▸ Description of the task: Set the material down again exactly, line by line, skipping each picture.

▸ Data for this task:
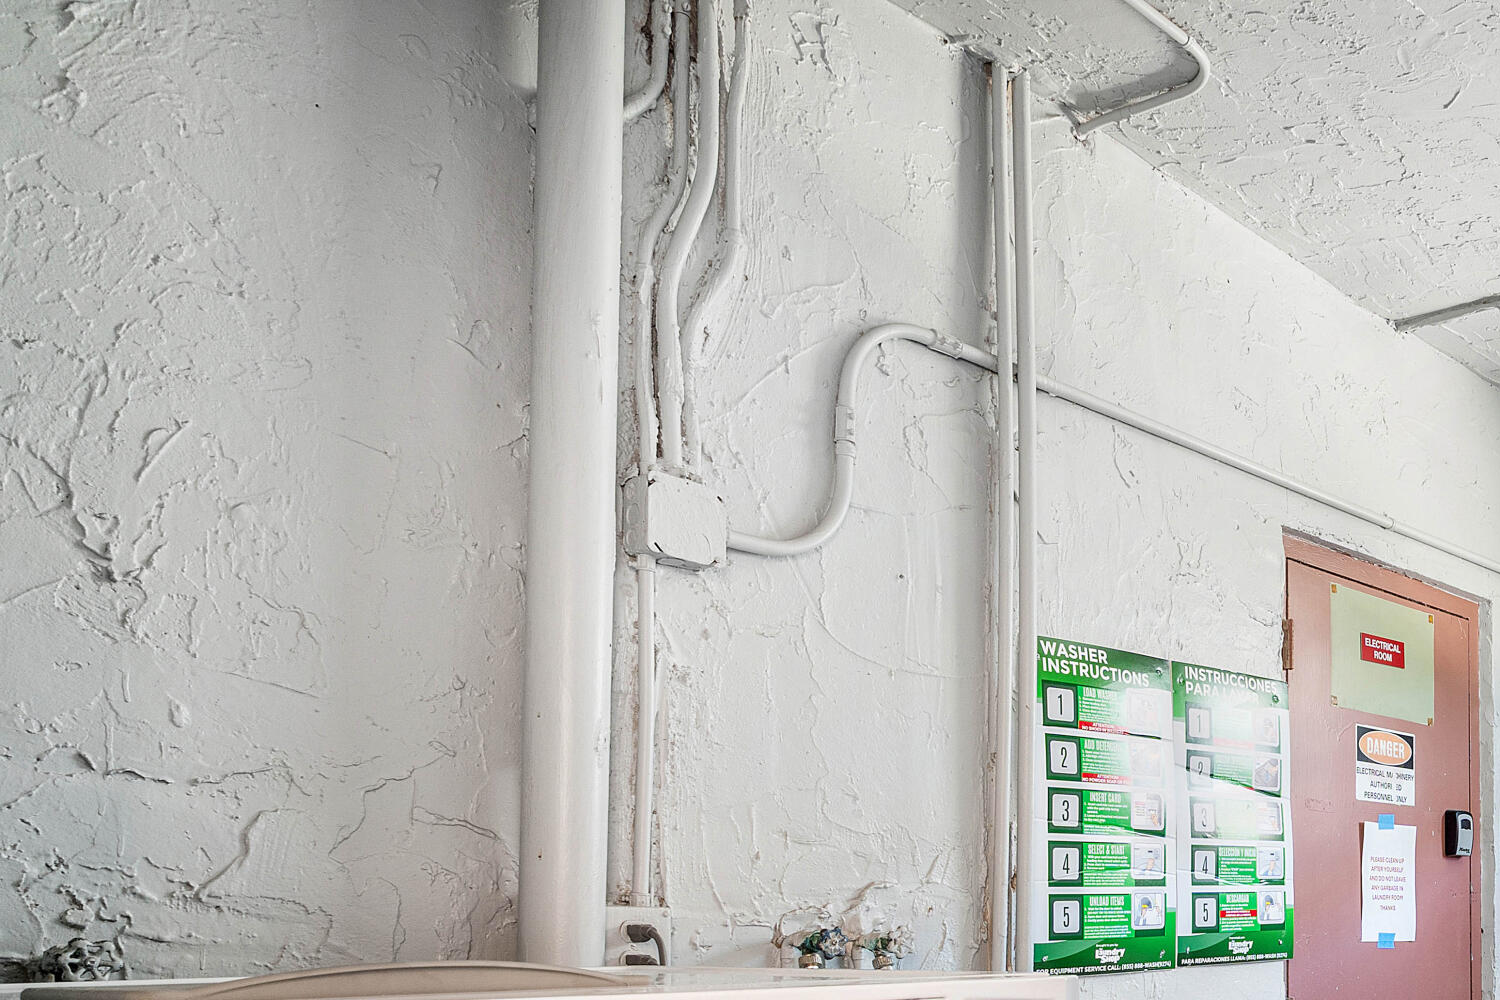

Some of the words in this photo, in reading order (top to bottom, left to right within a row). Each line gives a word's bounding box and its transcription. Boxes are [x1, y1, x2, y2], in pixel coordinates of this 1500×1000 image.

[1040, 640, 1108, 664] WASHER
[1364, 638, 1401, 654] ELECTRICAL
[1374, 650, 1392, 662] ROOM
[1042, 658, 1150, 687] INSTRUCTIONS
[1184, 666, 1276, 694] INSTRUCCIONES
[1058, 694, 1062, 716] 1
[1060, 746, 1068, 768] 2
[1366, 737, 1405, 760] DANGER
[1356, 767, 1385, 777] ELECTRICAL
[1370, 781, 1402, 791] AUTHORIED
[1364, 791, 1393, 802] PERSONNEL
[1062, 800, 1069, 821] 3
[1063, 853, 1070, 874] 4
[1202, 856, 1208, 874] 4
[1063, 907, 1069, 927] 5
[1203, 903, 1208, 922] 5

▸ Exercise output:
Some of the words in this photo, in reading order (top to bottom, left to right within a row). Each line gives a word's bounding box and its transcription. Boxes are [x1, y1, x2, y2], in pixel coordinates of this 1500×1000 image.

[1040, 640, 1108, 664] WASHER
[1364, 638, 1401, 654] ELECTRICAL
[1374, 650, 1392, 662] ROOM
[1042, 658, 1150, 687] INSTRUCTIONS
[1184, 666, 1276, 694] INSTRUCCIONES
[1058, 694, 1062, 716] 1
[1060, 746, 1068, 768] 2
[1366, 737, 1405, 760] DANGER
[1356, 767, 1385, 777] ELECTRICAL
[1370, 781, 1402, 791] AUTHORIED
[1364, 791, 1393, 802] PERSONNEL
[1062, 800, 1069, 821] 3
[1063, 853, 1070, 874] 4
[1202, 856, 1208, 874] 4
[1063, 907, 1069, 927] 5
[1203, 903, 1208, 922] 5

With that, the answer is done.